**Task directions:** Leaving every picture out, repeat all of the entries below exactly.

(Phrase grounding data)
▬▬▬▬▬▬
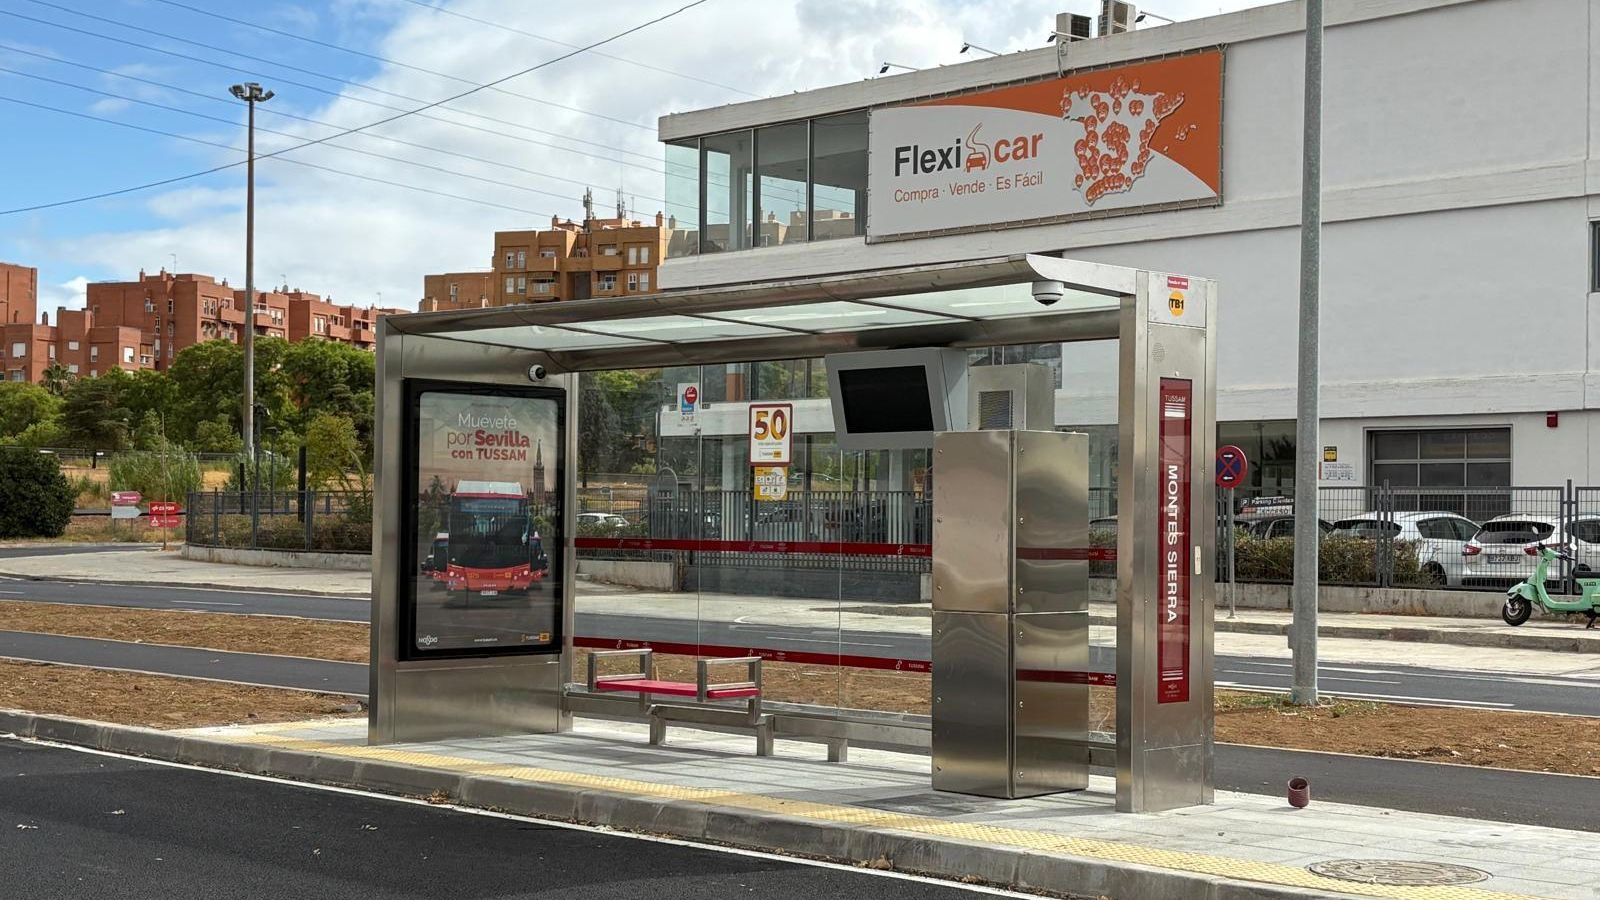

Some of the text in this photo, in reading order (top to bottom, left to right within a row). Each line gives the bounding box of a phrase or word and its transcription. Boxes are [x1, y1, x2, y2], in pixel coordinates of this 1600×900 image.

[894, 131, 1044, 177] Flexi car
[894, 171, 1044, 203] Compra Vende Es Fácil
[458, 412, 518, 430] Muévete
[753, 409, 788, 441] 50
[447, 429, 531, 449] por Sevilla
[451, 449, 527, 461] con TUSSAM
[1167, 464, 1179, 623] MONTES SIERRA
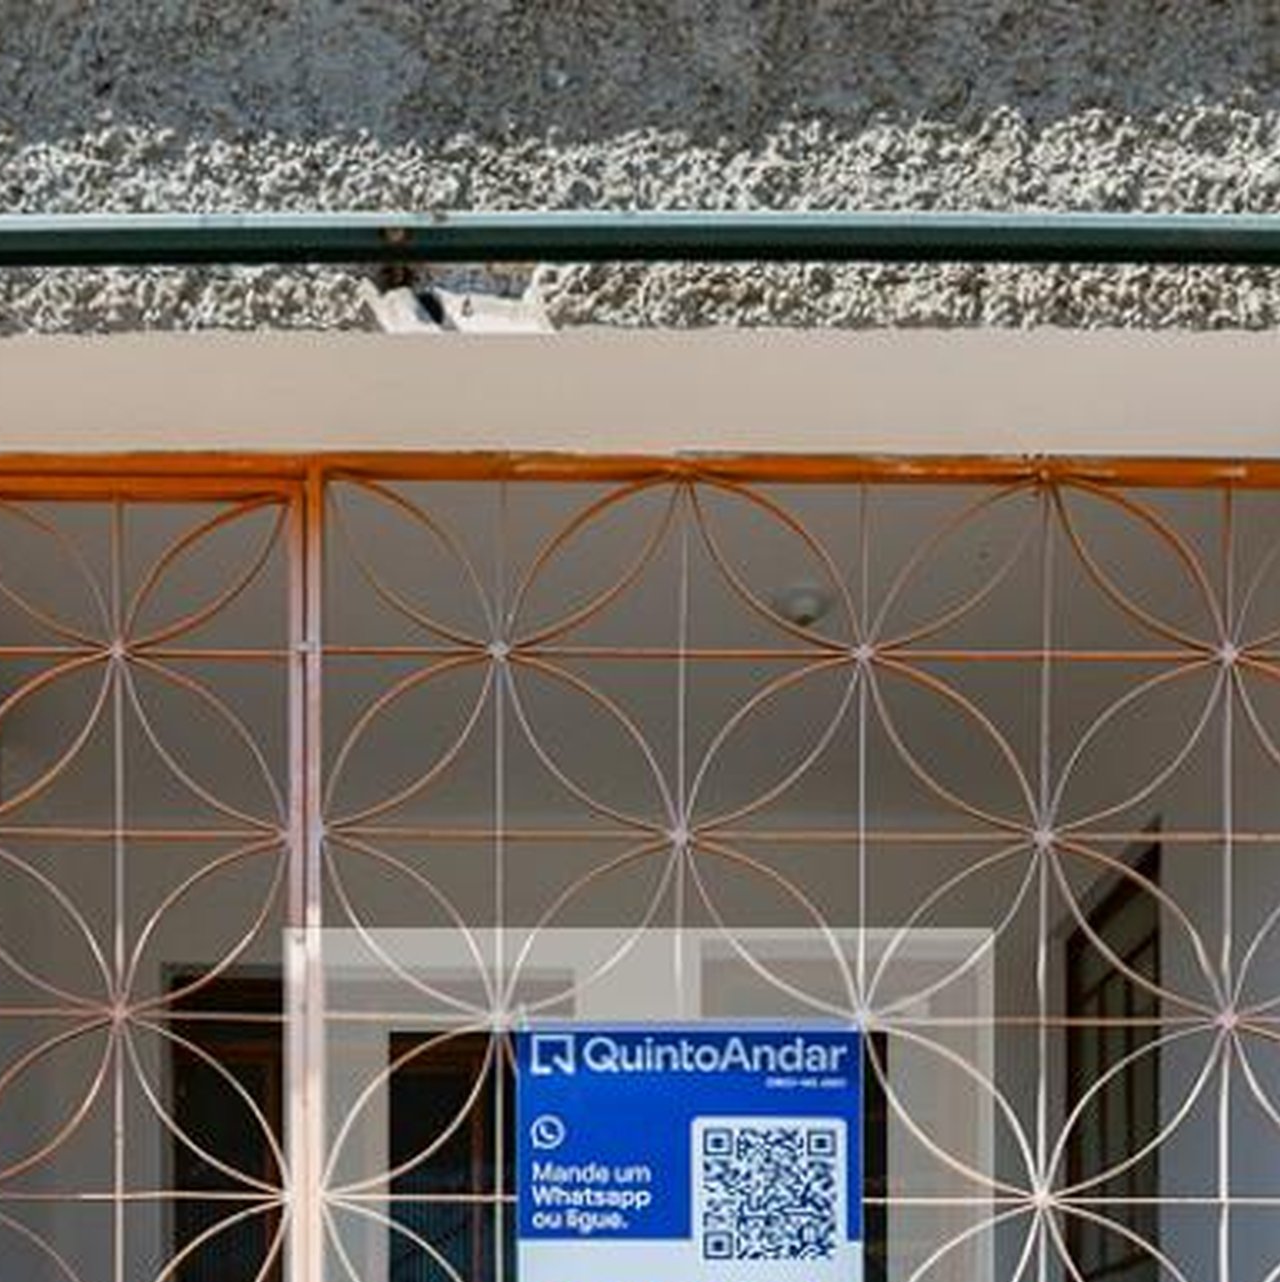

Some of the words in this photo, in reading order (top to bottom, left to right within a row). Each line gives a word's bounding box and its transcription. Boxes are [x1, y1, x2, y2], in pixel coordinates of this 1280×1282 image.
▬▬▬▬▬▬
**Output:**
Some of the text in this photo, in reading order (top to bottom, left to right within a row). Each line gives the bounding box of a phrase or word and its transcription. Boxes are [x1, y1, x2, y2], in pixel coordinates of this 1600×900 image.

[894, 131, 1044, 177] Flexi car
[894, 171, 1044, 203] Compra Vende Es Fácil
[458, 412, 518, 430] Muévete
[753, 409, 788, 441] 50
[447, 429, 531, 449] por Sevilla
[451, 449, 527, 461] con TUSSAM
[1167, 464, 1179, 623] MONTES SIERRA

Some of the words in this photo, in reading order (top to bottom, left to right within a row). Each line gives a word's bounding box and its transcription. Boxes are [x1, y1, x2, y2], in pixel coordinates of this 1280×1282 image.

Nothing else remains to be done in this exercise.